An extensive training period ostensibly prepares pilots for combat flying. But flying in and out of Vietnam’s hot LZs, where dust, heat and the enemy worked in concert to bring down the fragile aluminum birds, it took a good pilot with nerves of steel and a special sense of duty. Major Willard Bennett, commander of Charlie, or C, Company, 229th Aviation Battalion (Assault Helicopter), 1st Cavalry Division (Airmobile), was just such a pilot, with the ability to think and react adeptly in the most intense combat situations. On a November 1965 night, while flying over the hell that the Ia Drang Valley had become, Bennett put on an airmobile show that the grunts on the ground would never forget. No portion of the Army’s airmobile training taught guts–pilots like Bennett provided that.

‘I never worried about getting shot and killed–whether that was because I was young or we were so well-trained I couldn’t say,’ Bennett recalled. ‘Getting shot in combat was just not something I really worried about. Flying in and out of hot LZs just came with the job.’ What Charlie Company’s commander worried about instead were the underpowered and occasionally unreliable engines of the Bell UH-1D Hueys and the equatorial heat that could sap the strength of American flying machines.

‘The Huey I flew on my first tour couldn’t carry a very big payload,’ Bennett said. ‘Generally with a crew of four, we could only lift five or six guys.
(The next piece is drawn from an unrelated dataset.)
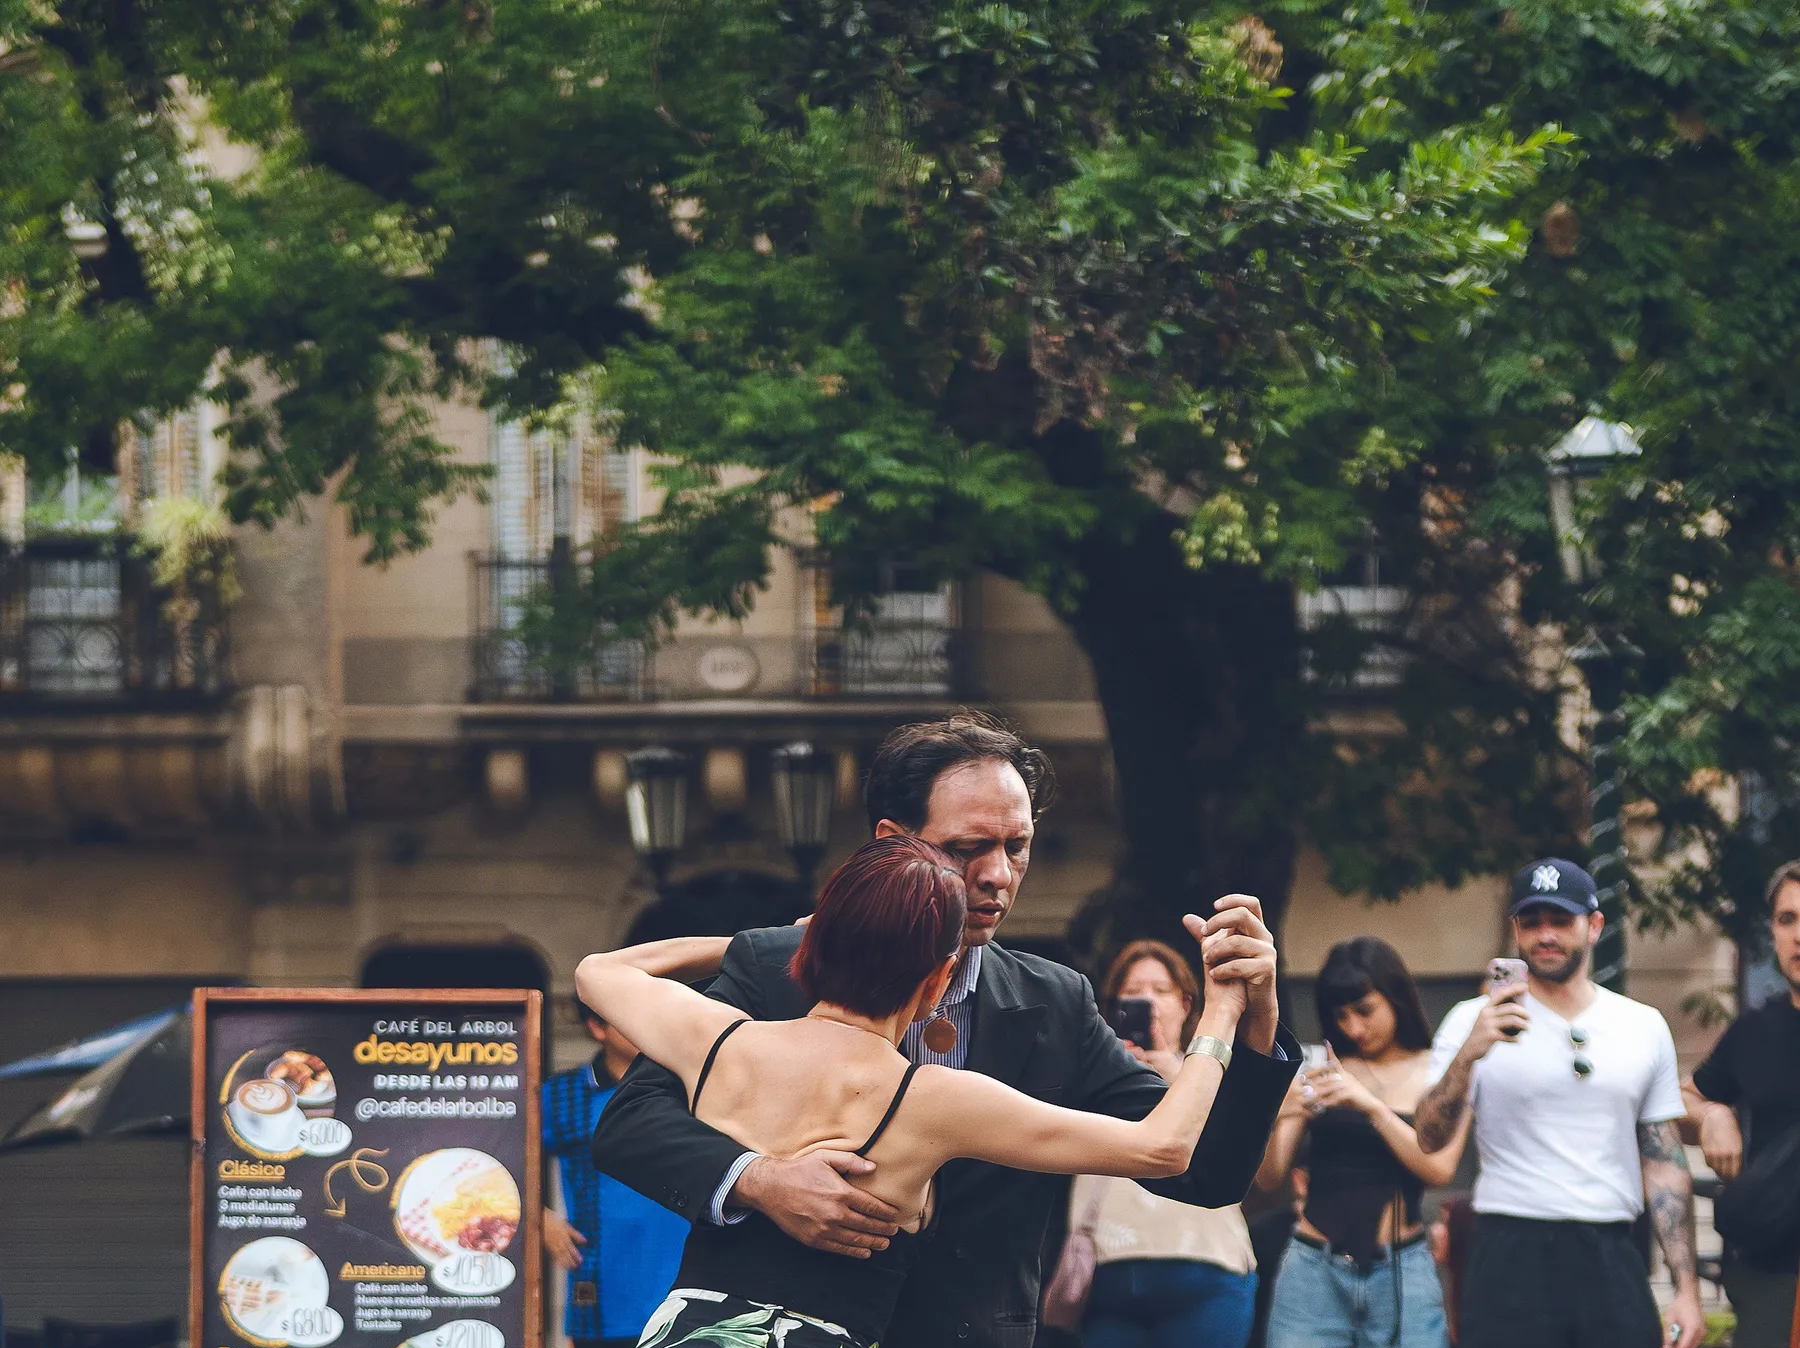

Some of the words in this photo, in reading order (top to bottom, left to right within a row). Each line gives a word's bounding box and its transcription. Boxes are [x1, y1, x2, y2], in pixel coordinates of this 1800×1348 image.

You had to get a running start most of the time to get airborne, and so they required a larger landing zone. By my second tour all that had changed–the engines were much more powerful and much more reliable.’

Bennett’s Charlie Company was normally attached to the 2nd Battalion of the 7th Cavalry, ferrying the infantry to and from combat zones, supplying water and rations and, when it became too hot for the medevacs, ducking in for the wounded. Months before the Ia Drang campaign, Bennett was awarded the Distinguished Flying Cross for making an emergency night flight to an American forward artillery base on the mountain of Dak To, where a shell had cooked off and exploded in the barrel of a howitzer, critically wounding 17 men. When medevacs were turned back by dense fog that night, Bennett not only led his flight but also refused to turn back as long as U.S. troops remained in the field crying for help. Improvising in the air, Bennett called for troops on the ground to shoot flares from LZs along the way. Using this ingenious method, he navigated his way safely through the mountainous terrain to evacuate the wounded.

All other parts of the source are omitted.